Calderon-Serra v. Banco Santander Puerto Rico
747 F.3d 1
1st Cir.2014Background
- Plaintiffs César A. Calderón Serra and Teresita Palerm Nevares sued Banco Santander Puerto Rico and related individuals/entities, alleging a scheme to make loans for purchasing securities while concealing that the loans violated Regulation U margin restrictions.
- Plaintiffs claim the bank made margin loans (purportedly fixed-rate) that funded roughly $9 million in trades, producing nearly $3 million in losses; they allege defendants concealed Regulation U limitations to induce larger securities purchases.
- Plaintiffs asserted (1) a private cause of action under Regulation U and (2) a RICO claim seeking treble damages; the district court dismissed the Regulation U claim (no private right) and the RICO claim under Rule 12(b)(6), and also dismissed two defendants for insufficient service.
- On appeal, plaintiffs challenged the RICO dismissal (arguing the alleged fraud was not "in connection with" purchase/sale of securities) and the dismissal for defective service as to two defendants; they did not challenge the Regulation U private-right ruling.
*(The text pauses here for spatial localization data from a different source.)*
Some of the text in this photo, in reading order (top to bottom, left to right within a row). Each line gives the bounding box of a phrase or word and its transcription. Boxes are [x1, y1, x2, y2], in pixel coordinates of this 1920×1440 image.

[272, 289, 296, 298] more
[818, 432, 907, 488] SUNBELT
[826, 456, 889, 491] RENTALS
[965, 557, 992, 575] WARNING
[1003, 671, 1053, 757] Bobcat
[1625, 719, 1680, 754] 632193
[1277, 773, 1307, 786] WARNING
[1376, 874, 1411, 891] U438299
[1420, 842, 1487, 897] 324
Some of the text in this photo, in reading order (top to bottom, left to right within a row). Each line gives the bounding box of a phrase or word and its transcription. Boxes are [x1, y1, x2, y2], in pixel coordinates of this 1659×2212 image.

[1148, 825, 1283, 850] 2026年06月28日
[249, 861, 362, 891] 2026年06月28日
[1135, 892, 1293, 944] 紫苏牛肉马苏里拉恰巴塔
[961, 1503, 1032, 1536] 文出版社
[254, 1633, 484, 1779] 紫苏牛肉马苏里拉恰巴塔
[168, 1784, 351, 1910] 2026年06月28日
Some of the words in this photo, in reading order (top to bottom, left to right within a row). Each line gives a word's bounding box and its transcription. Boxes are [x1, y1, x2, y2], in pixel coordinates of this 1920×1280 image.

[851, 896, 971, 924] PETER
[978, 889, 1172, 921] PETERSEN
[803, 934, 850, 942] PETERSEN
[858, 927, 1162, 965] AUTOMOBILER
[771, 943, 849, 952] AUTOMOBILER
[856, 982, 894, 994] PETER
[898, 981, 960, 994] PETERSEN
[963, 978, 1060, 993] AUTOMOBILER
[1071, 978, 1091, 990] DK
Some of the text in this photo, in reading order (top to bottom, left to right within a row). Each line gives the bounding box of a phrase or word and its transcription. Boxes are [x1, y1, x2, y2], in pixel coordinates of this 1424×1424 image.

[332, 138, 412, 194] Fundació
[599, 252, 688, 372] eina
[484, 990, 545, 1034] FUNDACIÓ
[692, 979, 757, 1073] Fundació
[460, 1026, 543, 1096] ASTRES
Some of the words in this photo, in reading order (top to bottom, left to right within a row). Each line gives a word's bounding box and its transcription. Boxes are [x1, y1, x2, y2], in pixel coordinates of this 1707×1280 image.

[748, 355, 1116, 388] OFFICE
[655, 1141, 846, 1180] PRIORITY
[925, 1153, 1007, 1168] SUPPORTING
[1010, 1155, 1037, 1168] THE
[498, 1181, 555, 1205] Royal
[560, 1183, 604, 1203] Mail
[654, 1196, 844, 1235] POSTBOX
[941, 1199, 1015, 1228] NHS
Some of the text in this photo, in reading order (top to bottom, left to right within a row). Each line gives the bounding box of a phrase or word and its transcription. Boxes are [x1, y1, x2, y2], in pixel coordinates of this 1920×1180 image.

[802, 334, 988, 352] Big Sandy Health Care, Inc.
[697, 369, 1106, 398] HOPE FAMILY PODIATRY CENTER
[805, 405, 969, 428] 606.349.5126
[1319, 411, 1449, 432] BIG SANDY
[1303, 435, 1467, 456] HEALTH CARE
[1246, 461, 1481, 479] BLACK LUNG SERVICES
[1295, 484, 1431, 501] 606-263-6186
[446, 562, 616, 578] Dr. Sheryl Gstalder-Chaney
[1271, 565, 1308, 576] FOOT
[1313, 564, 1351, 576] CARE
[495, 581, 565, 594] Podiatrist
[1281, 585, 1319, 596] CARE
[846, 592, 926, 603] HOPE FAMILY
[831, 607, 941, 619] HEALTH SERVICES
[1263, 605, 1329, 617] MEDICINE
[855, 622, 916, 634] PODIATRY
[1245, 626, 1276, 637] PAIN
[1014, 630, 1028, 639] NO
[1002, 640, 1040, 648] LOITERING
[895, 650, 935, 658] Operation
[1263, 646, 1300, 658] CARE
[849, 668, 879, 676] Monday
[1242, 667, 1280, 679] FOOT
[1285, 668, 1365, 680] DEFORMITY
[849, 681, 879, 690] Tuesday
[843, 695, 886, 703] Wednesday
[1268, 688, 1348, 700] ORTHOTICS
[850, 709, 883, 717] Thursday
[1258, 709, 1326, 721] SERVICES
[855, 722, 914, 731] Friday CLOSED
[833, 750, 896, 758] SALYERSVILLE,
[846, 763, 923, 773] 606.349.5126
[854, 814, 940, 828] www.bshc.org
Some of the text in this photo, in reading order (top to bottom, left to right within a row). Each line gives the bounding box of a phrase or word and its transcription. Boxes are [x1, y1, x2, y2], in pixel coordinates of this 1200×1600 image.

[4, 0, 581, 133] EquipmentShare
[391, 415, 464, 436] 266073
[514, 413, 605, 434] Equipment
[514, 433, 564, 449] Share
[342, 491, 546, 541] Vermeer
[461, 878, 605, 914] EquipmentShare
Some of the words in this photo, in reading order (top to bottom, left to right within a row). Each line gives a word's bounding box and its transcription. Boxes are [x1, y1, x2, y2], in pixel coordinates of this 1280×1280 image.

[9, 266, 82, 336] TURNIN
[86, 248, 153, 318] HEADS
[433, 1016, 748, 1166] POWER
- The First Circuit assumed plaintiffs’ factual allegations true for the 12(b)(6) review and examined whether the alleged conduct would have been "actionable as fraud in the purchase or sale of securities" (PSLRA bar to civil RICO predicates).
Issues
| Issue | Plaintiff's Argument | Defendant's Argument | Held |
|---|---|---|---|
| Whether the alleged misconduct is barred from serving as a RICO predicate because it would have been actionable as securities fraud under the PSLRA | The fraud was tied to issuing loans, not to the purchase/sale of securities; thus it was not "in connection with" securities transactions | The complaint ties the misrepresentations/omissions directly to inducing margin purchases covered by Regulation U, satisfying the transactional nexus | Held for defendants: the complaint alleges a tight nexus — defendants induced securities purchases by concealing Regulation U limits, so the conduct would be actionable as securities fraud and is barred as a RICO predicate under the PSLRA |
| Whether service by publication satisfied Puerto Rico Rule 4.6 where plaintiffs could not locate current addresses | Plaintiffs contend investigator affidavit showed no known current addresses, so post-publication mailing was unnecessary | Defendants and district court: mailing to last known addresses was required by the rule; plaintiffs had last known addresses for two defendants and failed to mail | Held for defendants: district court did not abuse discretion dismissing two defendants for insufficient service because plaintiffs failed to mail summons/complaint to last known addresses |
| (Subsidiary) Whether Regulation U provides a private right of action | Plaintiffs sought recovery under Regulation U | Defendants argued no private right exists | The district court dismissed the Regulation U claim as there is no private right; plaintiffs did not appeal this ruling |
Key Cases Cited
- SEC v. Zandford, 535 U.S. 813 (interpreting "in connection with" transactional nexus under Rule 10b-5)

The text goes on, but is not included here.